Monday, Dec. 02, 1940

Price, Water-house Pays

The late F. Donald Coster (Philip Musica) of McKesson & Robbins always took a close personal interest in his auditors, Price, Waterhouse & Co. He first hired the firm in 1925; used their audits to get respectable banker backing; always saw that the sales and inventory records (i.e., pieces of paper) of his fictitious crude drug department were in A-1 shape.

When the truth about the crude drug fantasy was first announced, a Price, Waterhouse man exclaimed, "Why, that's the best-run department in the business." Wrote Coster to Price, Waterhouse in 1936: ". . . Only in auditing [has] our company really got its money's worth." During the two years since McKesson's receivership and Coster's suicide, McKesson (under Trustee William Jed Wardall) has made gradual progress toward reorganization. One of Trustee Wardall's jobs is to recover assets; one source of recoveries was Coster's board of directors, who gave him enough votes of confidence to expose themselves to charges of negligence. To date, Trustee Wardall has negotiated out-of-court settlements with 20 of 22 directors. Their contribution to the new McKesson: 10,252 shares of preference stock (worth about $285,000 on the market), 19,930 shares of common (worth about $80,000).

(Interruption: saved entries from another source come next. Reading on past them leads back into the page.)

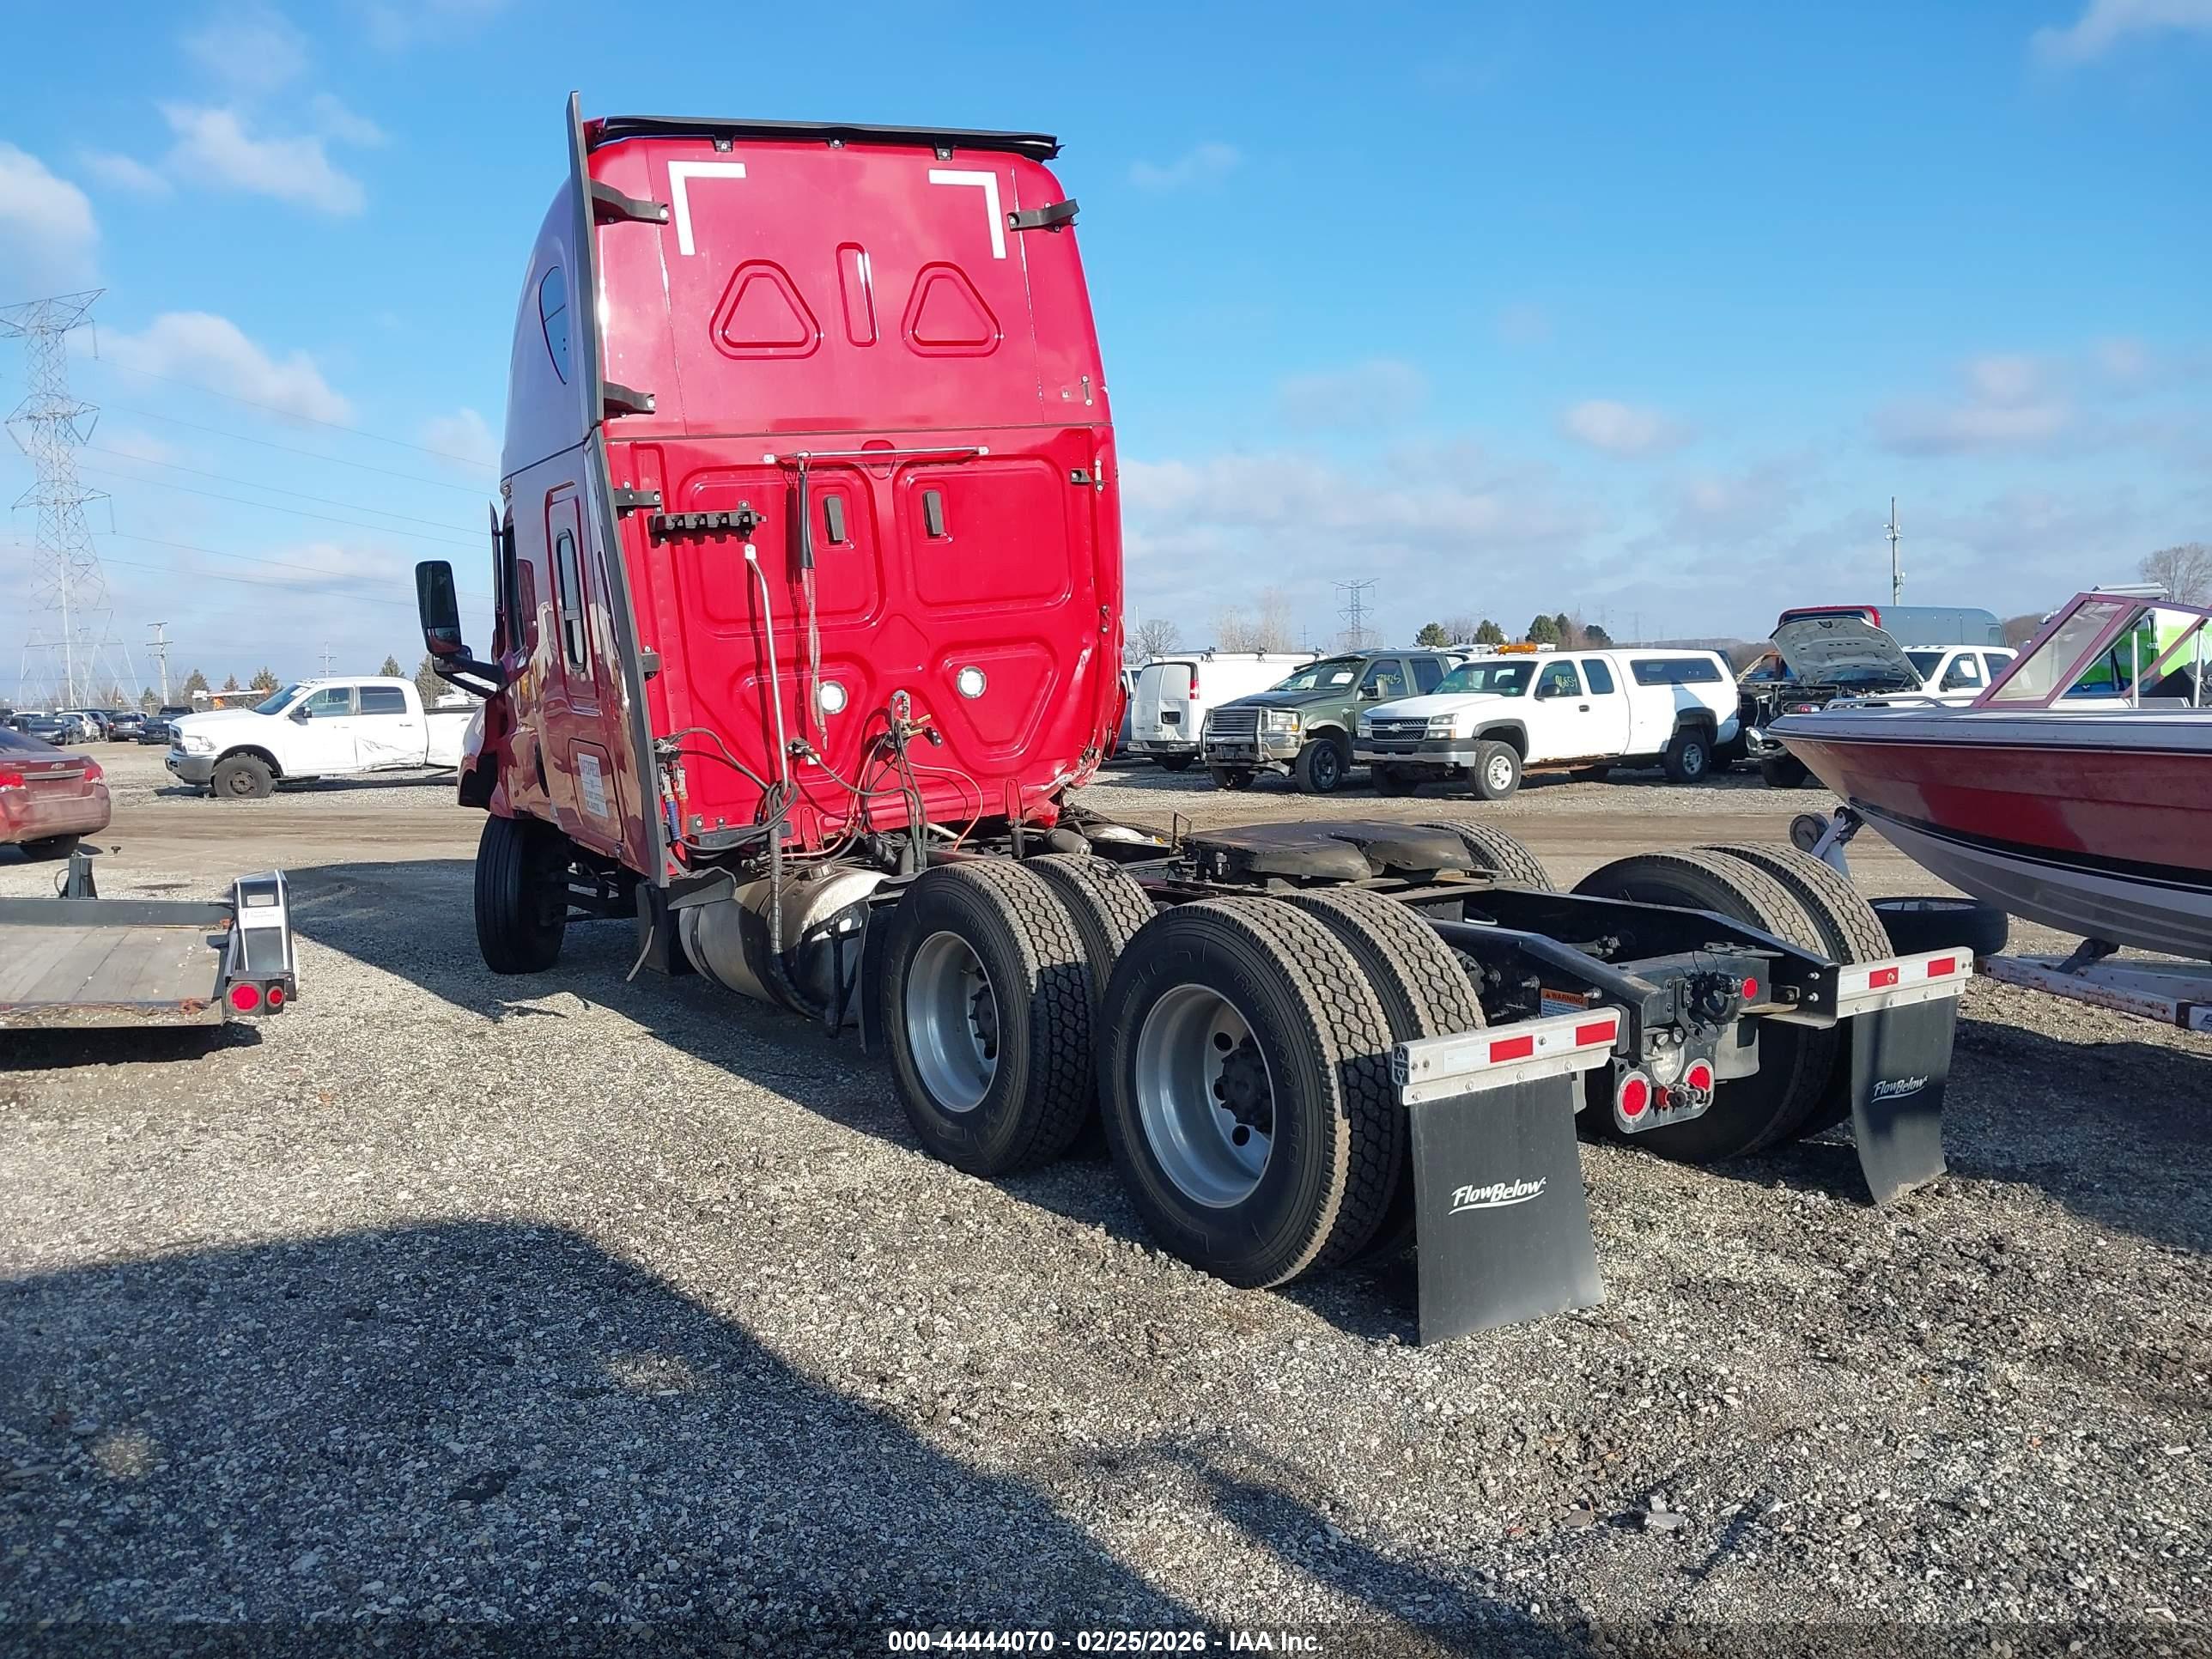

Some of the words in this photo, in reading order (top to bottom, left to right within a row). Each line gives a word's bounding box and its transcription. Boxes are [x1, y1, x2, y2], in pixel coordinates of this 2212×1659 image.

[1551, 992, 1583, 1004] WARNING
[1874, 1075, 1929, 1097] FlowBelow
[1451, 1176, 1547, 1207] FlowBelow
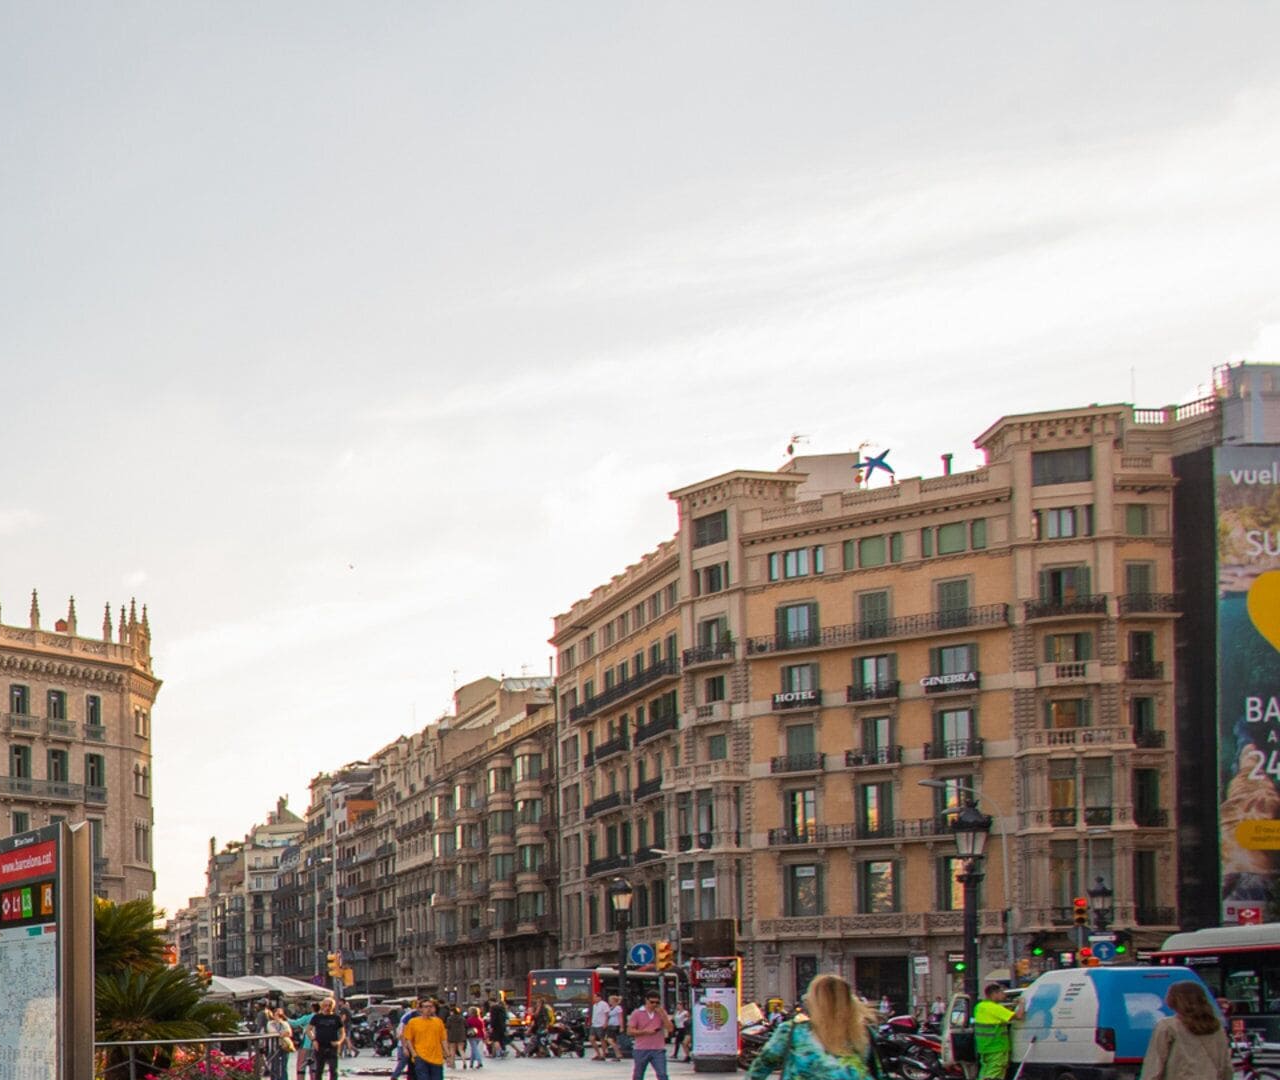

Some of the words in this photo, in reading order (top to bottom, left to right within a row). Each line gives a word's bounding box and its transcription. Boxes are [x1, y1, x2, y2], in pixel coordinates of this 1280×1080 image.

[1230, 462, 1280, 485] vuel
[775, 690, 815, 703] HOTEL
[919, 672, 976, 686] GINEBRA
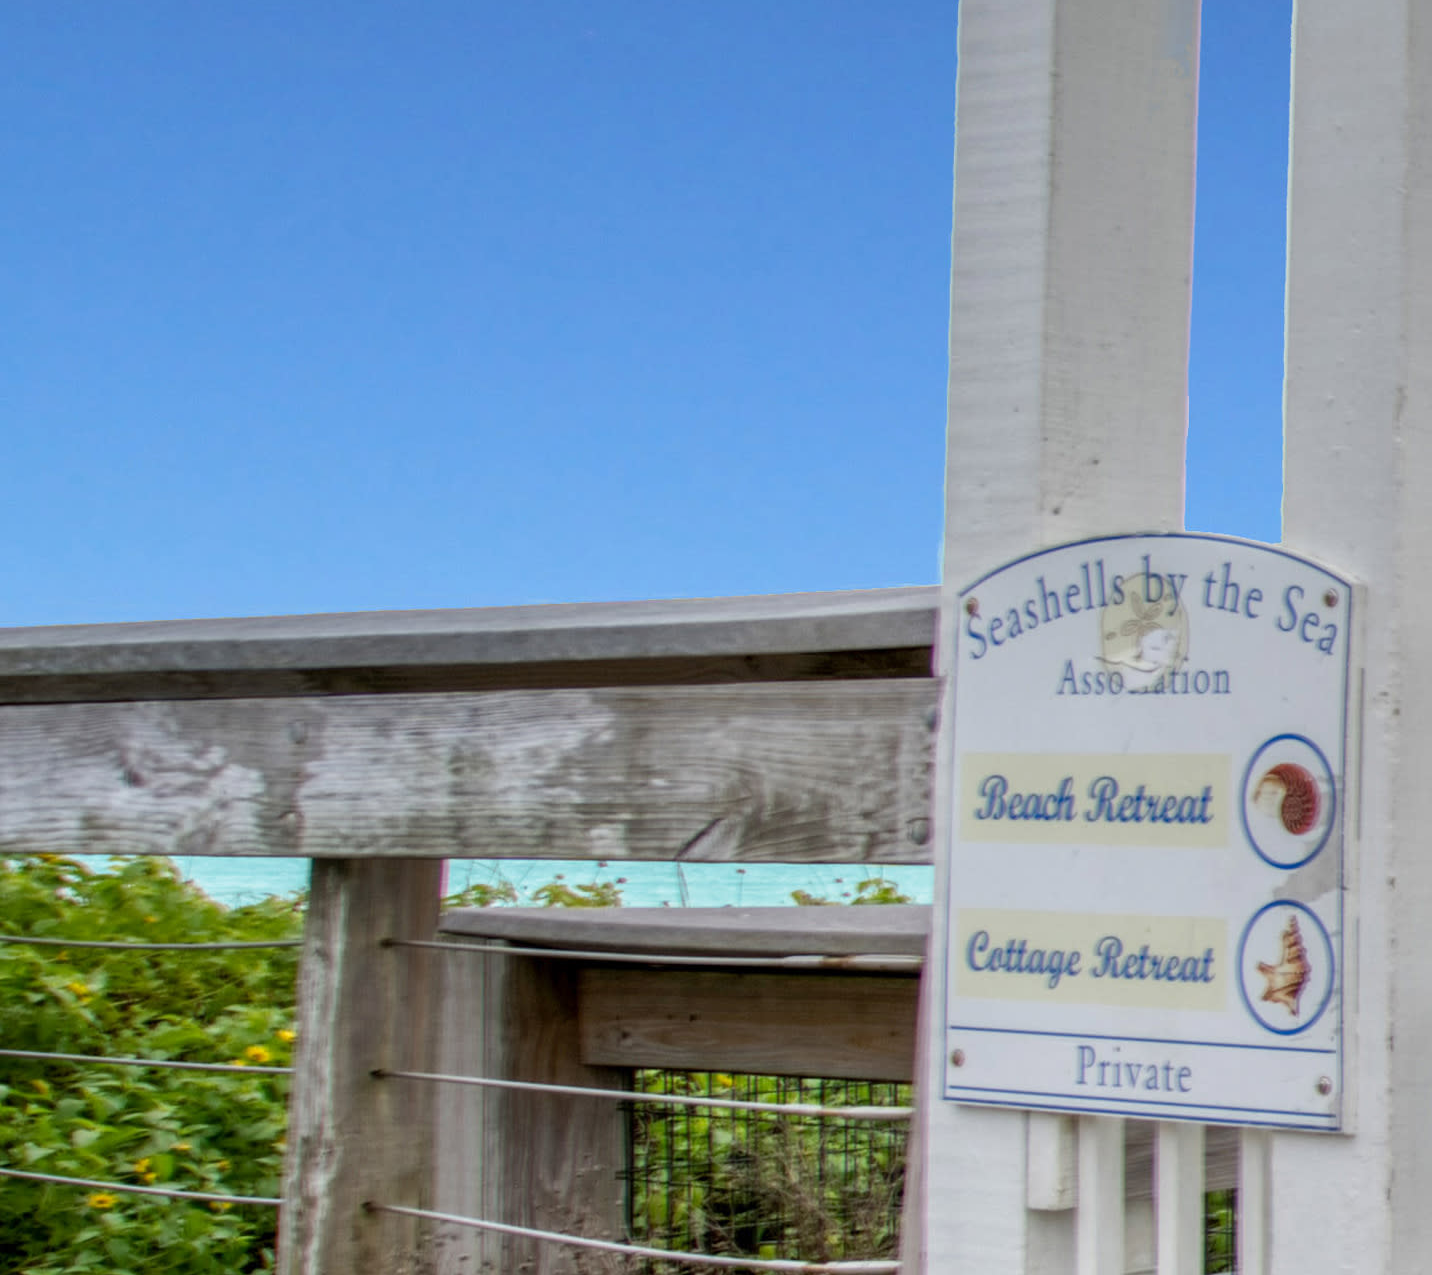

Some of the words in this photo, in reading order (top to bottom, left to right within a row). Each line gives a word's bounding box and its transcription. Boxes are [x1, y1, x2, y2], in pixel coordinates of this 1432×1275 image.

Meanwhile there was Price, Waterhouse. Over them the trustee held two clubs: 1) possible recovery from a negligence suit, 2) such a suit's publicity. To a negligence suit, Price, Waterhouse might have made an air-tight technical defense. They had been given full, if bogus, documentation for everything they certified. There was not the remotest question of complicity. Said Price, Waterhouse to Wardall: "We were victims of the same fraud. . . ."

Last week, in spite of all, Price, Waterhouse came to terms with the trustee. Of their $1,000,000-plus fees from the old McKesson, they offered to repay $522,402.29--the total of their fees from 1933 to Coster's suicide. Mr. Wardall submitted the proposal to the court, expected approval this week. Price, Waterhouse, meanwhile, whose auditing standards have been more rigid since Coster's death, prepared to send the bill for most of the $522,000 to their insurers, Lloyds.